### Exercise directions
Without the pictures, set down every line of the data exactly.

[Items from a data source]

+ + +

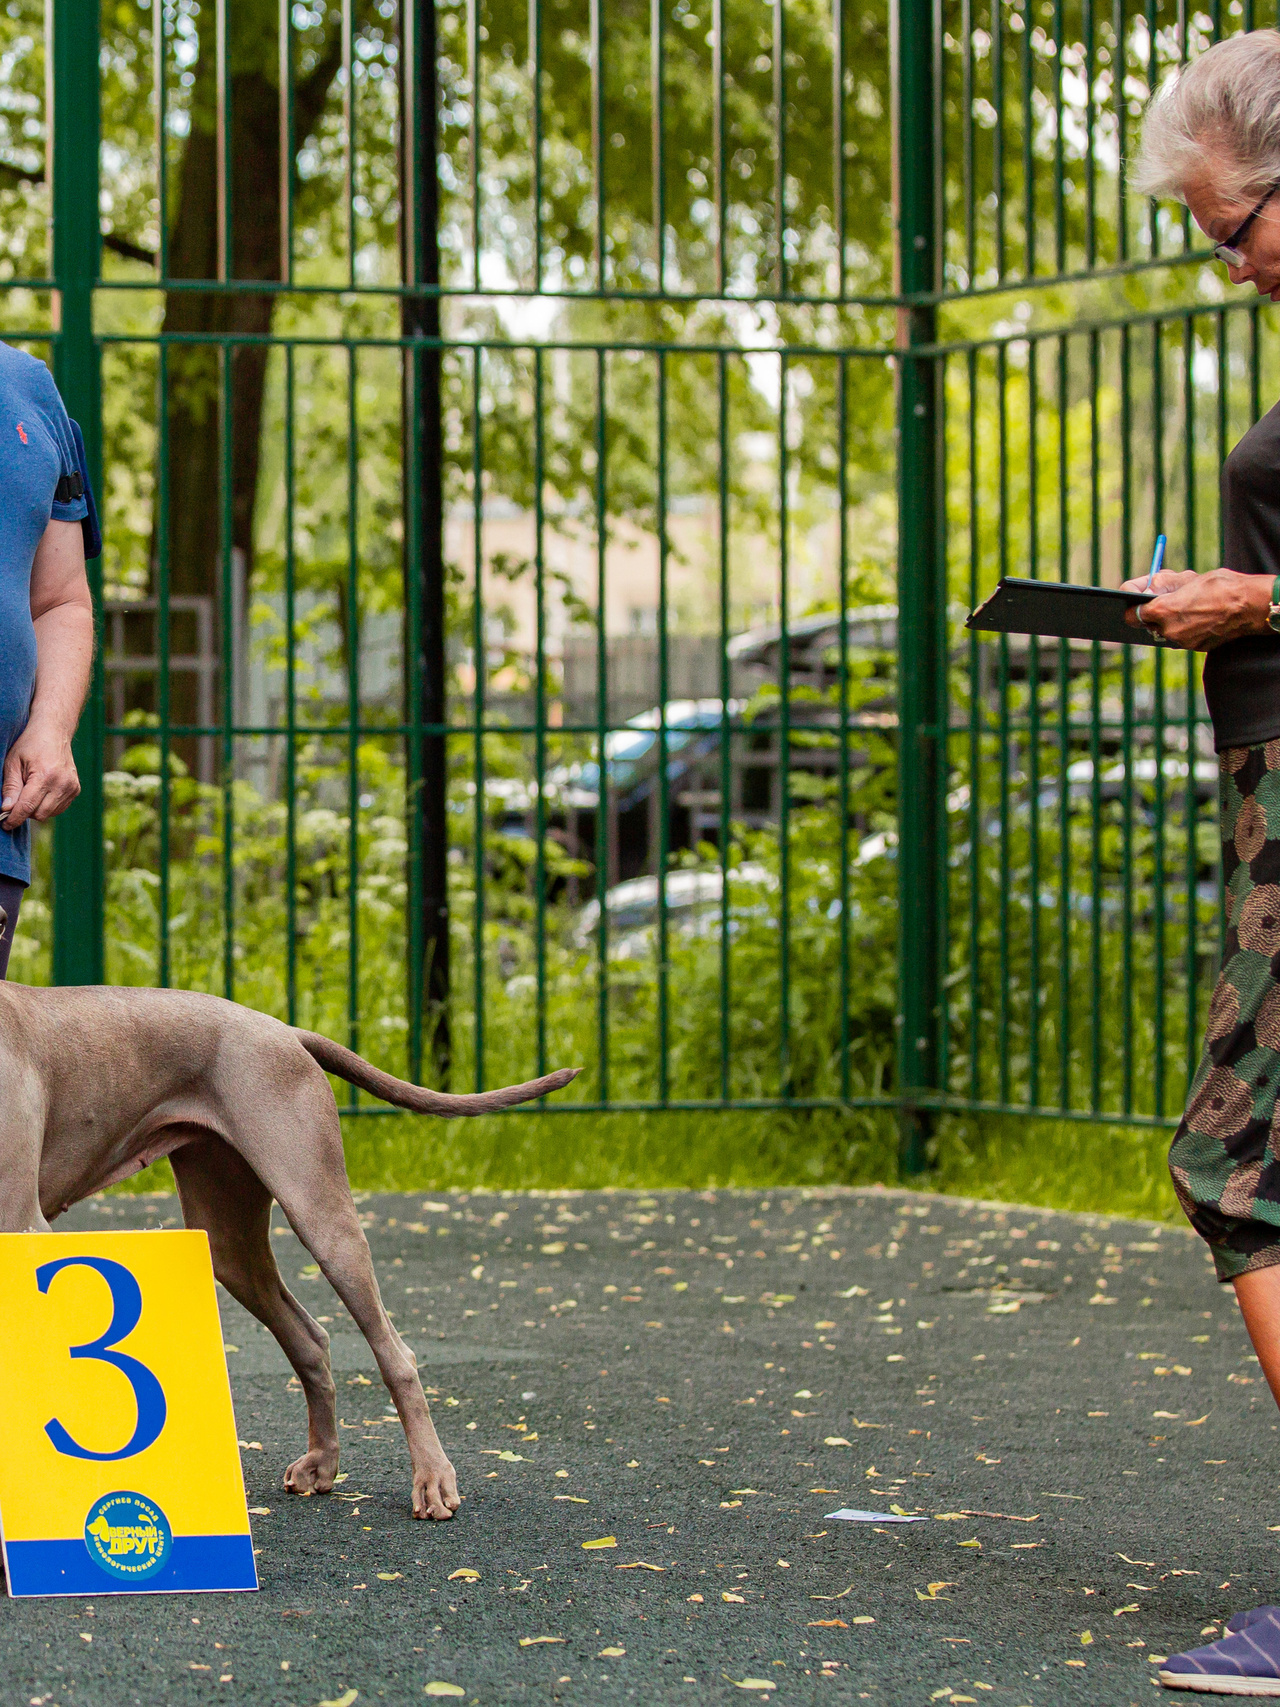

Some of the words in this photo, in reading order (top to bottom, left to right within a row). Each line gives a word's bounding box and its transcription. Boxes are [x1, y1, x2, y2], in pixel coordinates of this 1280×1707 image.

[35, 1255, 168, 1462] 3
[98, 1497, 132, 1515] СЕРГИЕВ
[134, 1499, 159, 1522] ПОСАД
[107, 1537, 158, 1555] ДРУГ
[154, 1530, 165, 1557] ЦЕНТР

+ + +

### Solution
Some of the words in this photo, in reading order (top to bottom, left to right within a row). Each line gives a word's bounding box and its transcription. Boxes are [x1, y1, x2, y2], in pixel coordinates of this 1280×1707 image.

[35, 1255, 168, 1462] 3
[98, 1497, 132, 1515] СЕРГИЕВ
[134, 1499, 159, 1522] ПОСАД
[107, 1537, 158, 1555] ДРУГ
[154, 1530, 165, 1557] ЦЕНТР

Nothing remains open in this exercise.